**Assignment:** Retype the data below exactly; skip every image.
Available data section start
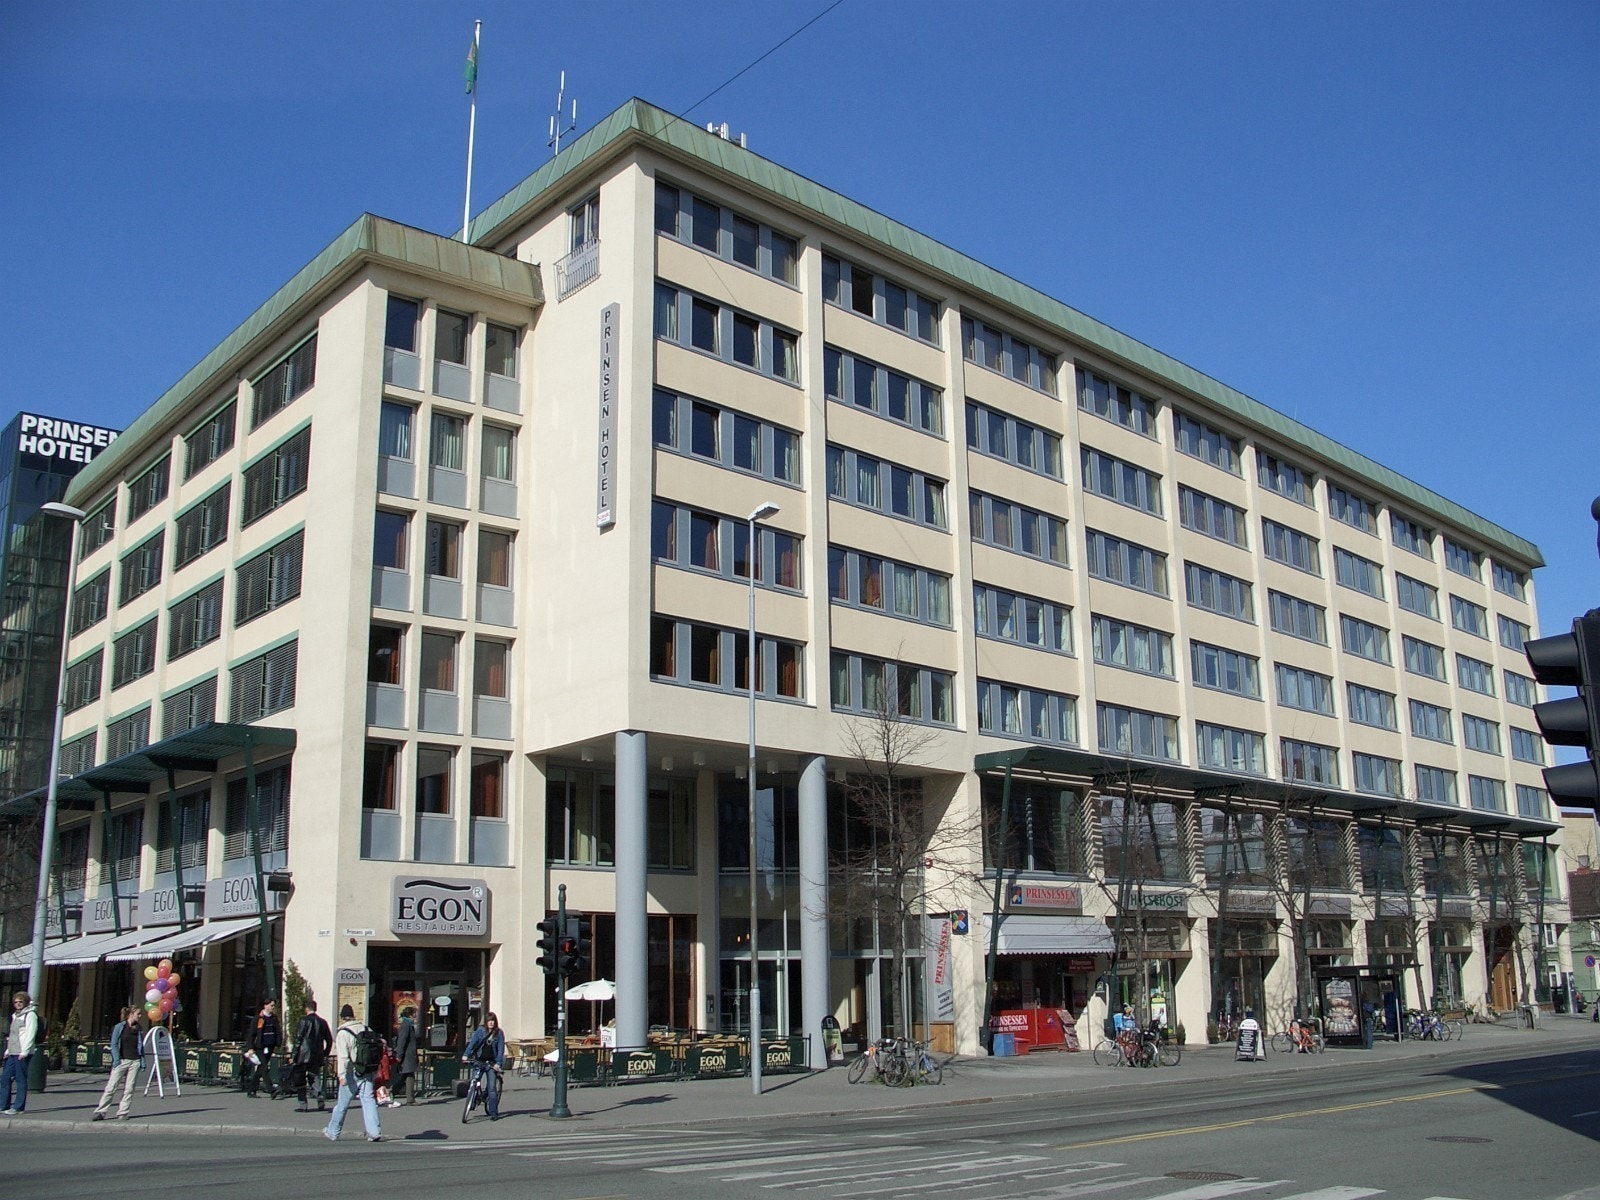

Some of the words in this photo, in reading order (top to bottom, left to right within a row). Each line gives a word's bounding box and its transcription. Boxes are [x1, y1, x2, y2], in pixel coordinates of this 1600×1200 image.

[602, 310, 611, 419] PRINSEN
[19, 434, 93, 464] HOTEL
[601, 428, 610, 508] HOTEL
[1026, 887, 1076, 899] PRINSESSEN
[153, 889, 177, 912] EGO
[1130, 894, 1184, 907] HLSEKOST
[95, 900, 115, 920] EGO
[398, 896, 482, 922] EGON
[397, 922, 481, 931] RESTAURANT
[935, 920, 949, 985] PRINSESSEN
[341, 972, 364, 980] EGON
[700, 1055, 726, 1067] EGON
[766, 1051, 791, 1063] EGON
[218, 1061, 233, 1073] EGON
[627, 1060, 656, 1071] EGON
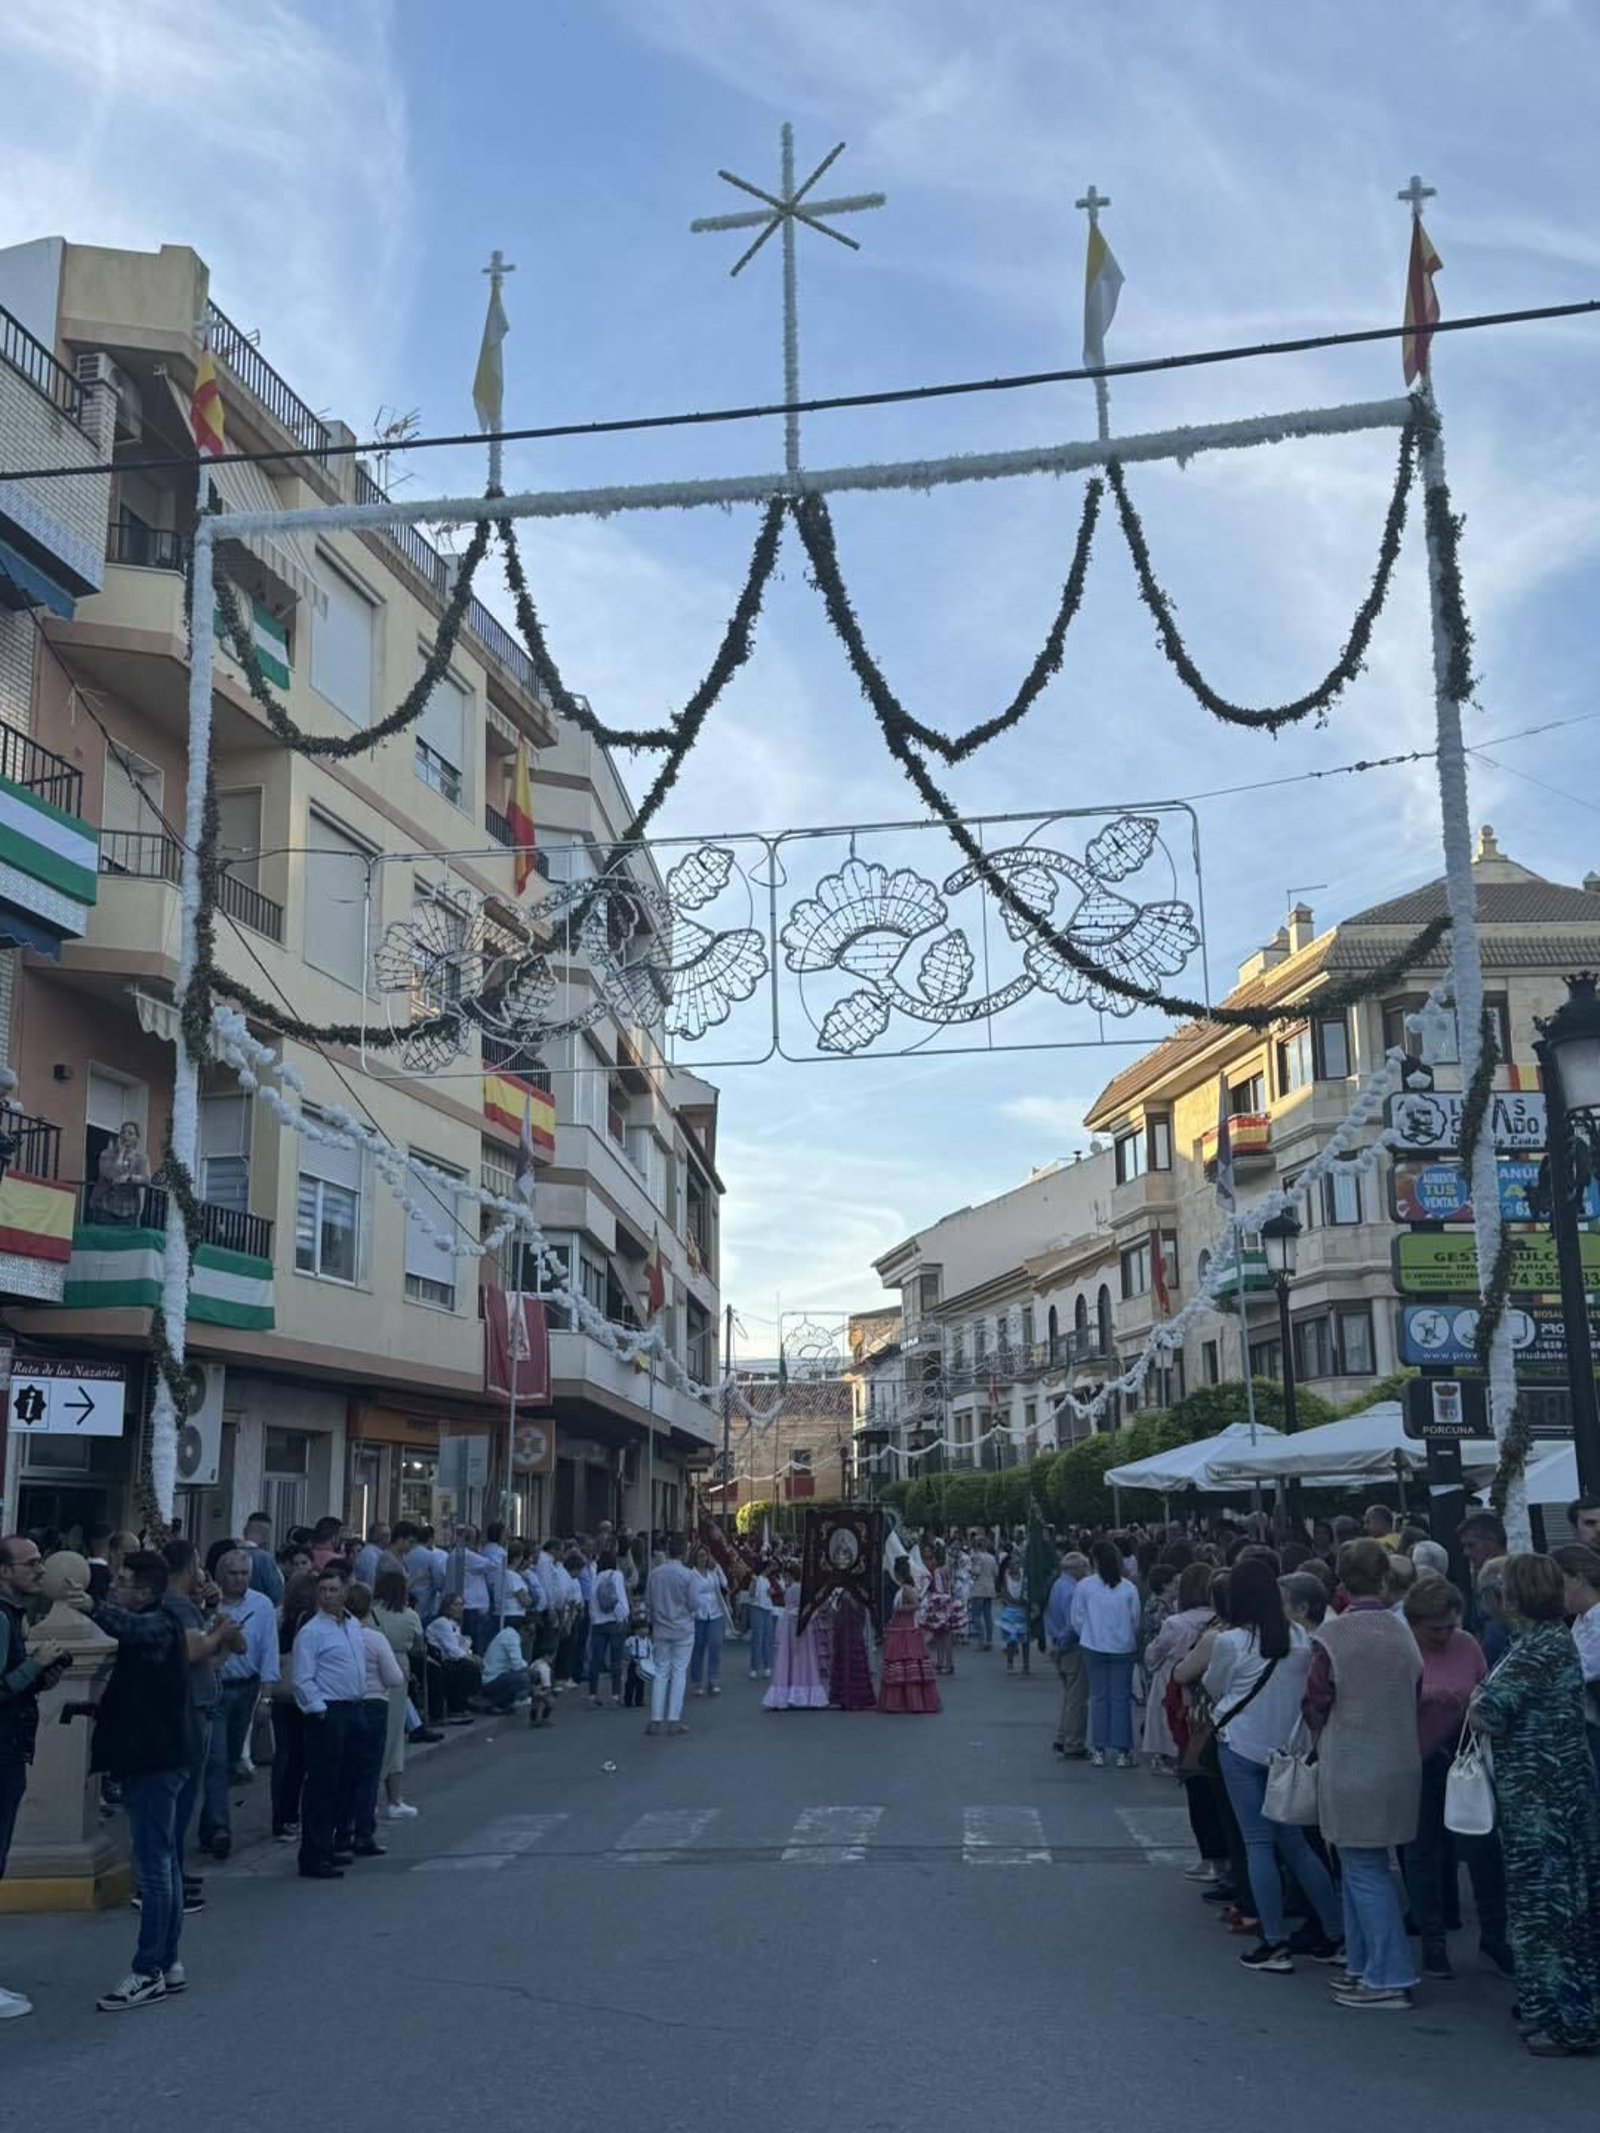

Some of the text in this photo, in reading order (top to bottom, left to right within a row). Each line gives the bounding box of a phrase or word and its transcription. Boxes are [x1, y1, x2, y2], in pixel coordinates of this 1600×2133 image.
Available data section end
**Exercise output:**
Some of the words in this photo, in reading order (top to bottom, left to right within a row). Each line gives a word's bounding box and its transcription. Boxes are [x1, y1, x2, y2], in pixel coordinates of this 1600×1200 image.

[602, 310, 611, 419] PRINSEN
[19, 434, 93, 464] HOTEL
[601, 428, 610, 508] HOTEL
[1026, 887, 1076, 899] PRINSESSEN
[153, 889, 177, 912] EGO
[1130, 894, 1184, 907] HLSEKOST
[95, 900, 115, 920] EGO
[398, 896, 482, 922] EGON
[397, 922, 481, 931] RESTAURANT
[935, 920, 949, 985] PRINSESSEN
[341, 972, 364, 980] EGON
[700, 1055, 726, 1067] EGON
[766, 1051, 791, 1063] EGON
[218, 1061, 233, 1073] EGON
[627, 1060, 656, 1071] EGON

Some of the text in this photo, in reading order (top to bottom, left to right within a row). Each line gives the bounding box of a phrase or word and its transcription. Boxes are [x1, y1, x2, y2], in pixel coordinates of this 1600×2133 image.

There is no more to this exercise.